EXERCISE INSTRUCTIONS:
Images should be omitted while the rest of the data is duplicated exactly.

THE RECORDS:
********

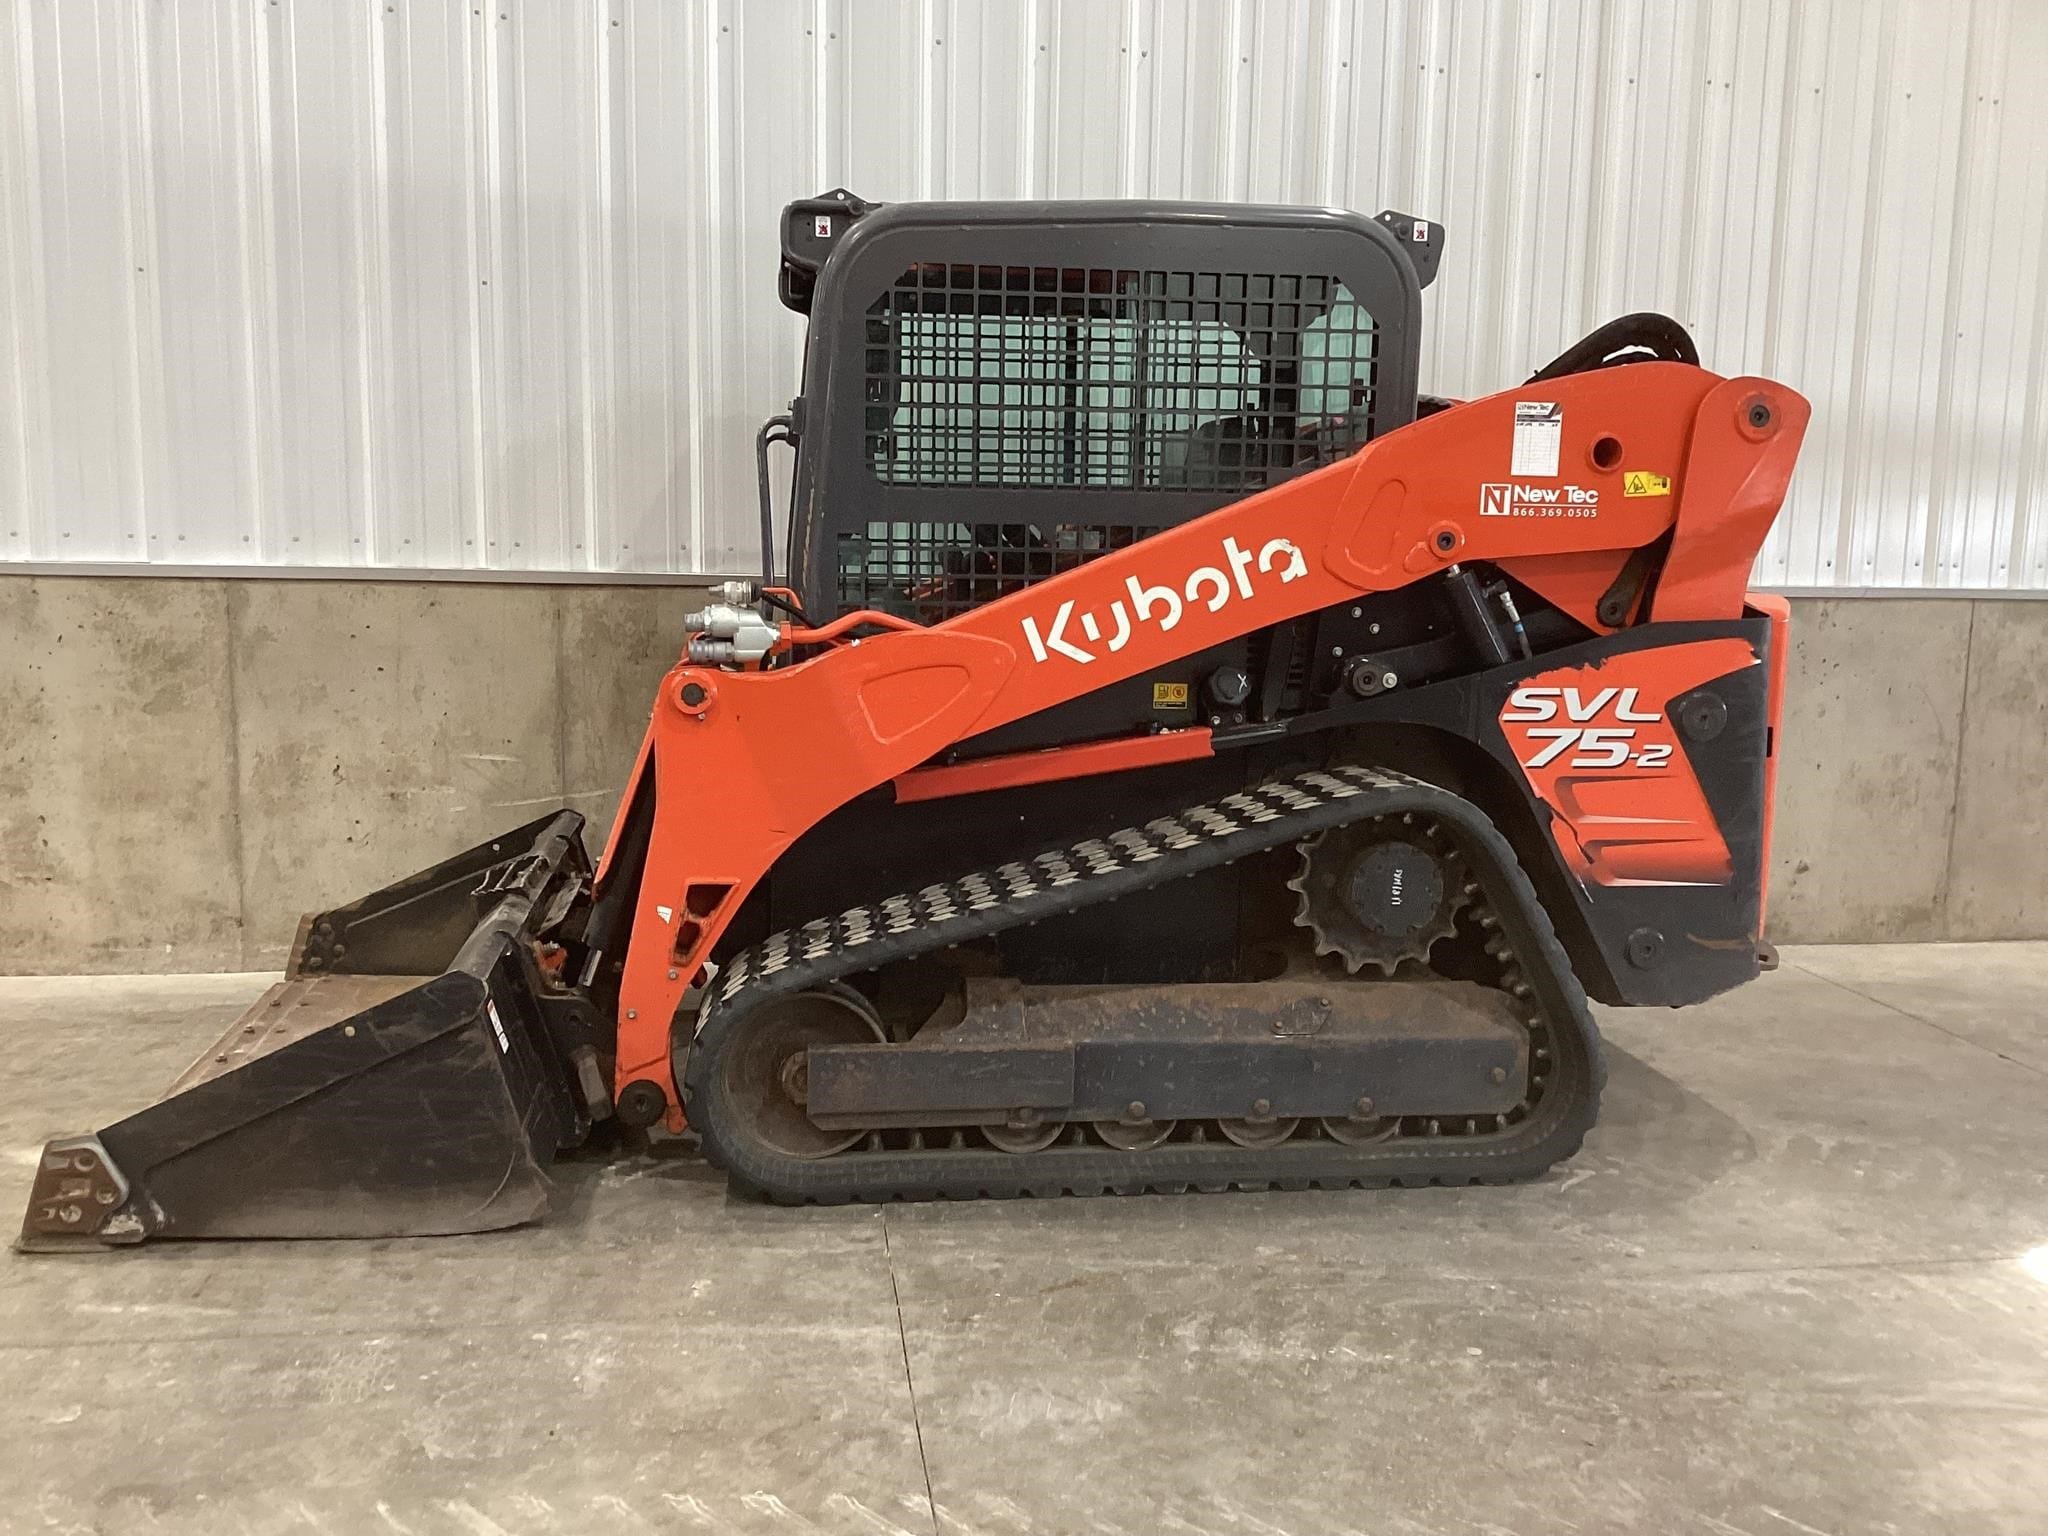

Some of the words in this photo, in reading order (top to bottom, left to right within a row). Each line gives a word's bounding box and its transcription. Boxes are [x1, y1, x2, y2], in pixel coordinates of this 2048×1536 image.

[1513, 485, 1561, 503] New
[1563, 485, 1599, 503] Tec
[1513, 507, 1597, 518] 866.369.0505
[1021, 536, 1308, 664] Kubota
[1501, 688, 1663, 722] SVL
[1524, 728, 1673, 768] 75-2
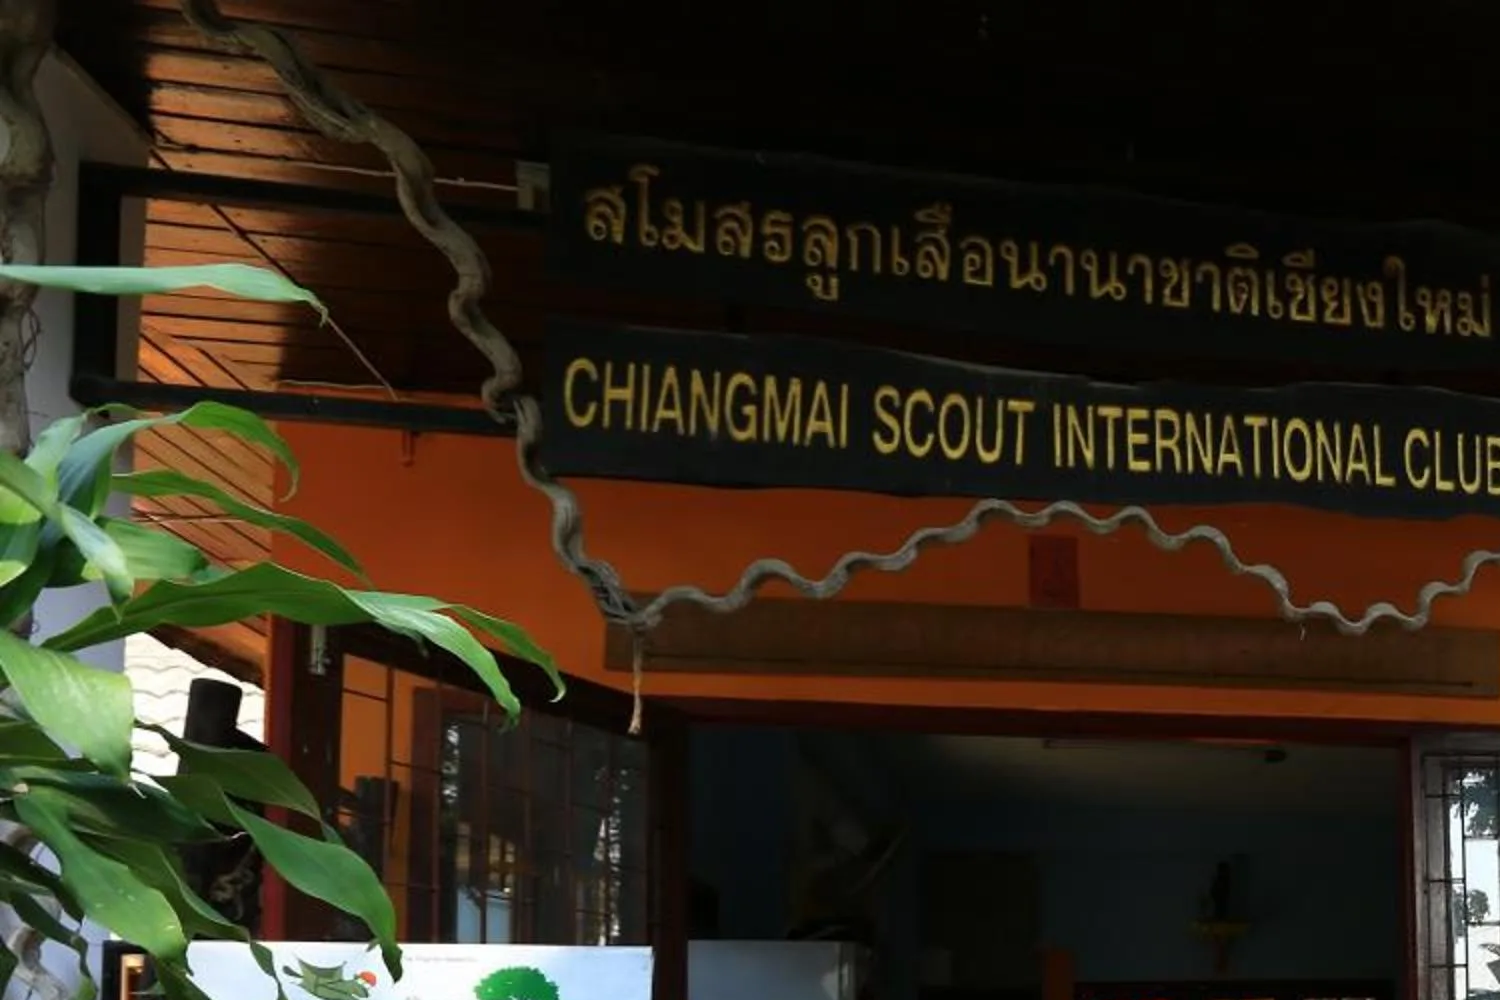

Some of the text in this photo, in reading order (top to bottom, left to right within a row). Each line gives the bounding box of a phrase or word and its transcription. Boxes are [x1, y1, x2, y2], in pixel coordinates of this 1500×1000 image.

********

EXERCISE RESULT:
Some of the words in this photo, in reading order (top to bottom, left to right within a row). Each line gives a word's bounding box and its transcription. Boxes are [x1, y1, x2, y2], in pixel coordinates of this 2048×1536 image.

[1513, 485, 1561, 503] New
[1563, 485, 1599, 503] Tec
[1513, 507, 1597, 518] 866.369.0505
[1021, 536, 1308, 664] Kubota
[1501, 688, 1663, 722] SVL
[1524, 728, 1673, 768] 75-2

Some of the text in this photo, in reading order (top to bottom, left to right within a row). Each line gives the bounding box of a phrase or word and its transcription. Boxes are [x1, y1, x2, y2], in pixel coordinates of this 1500×1000 image.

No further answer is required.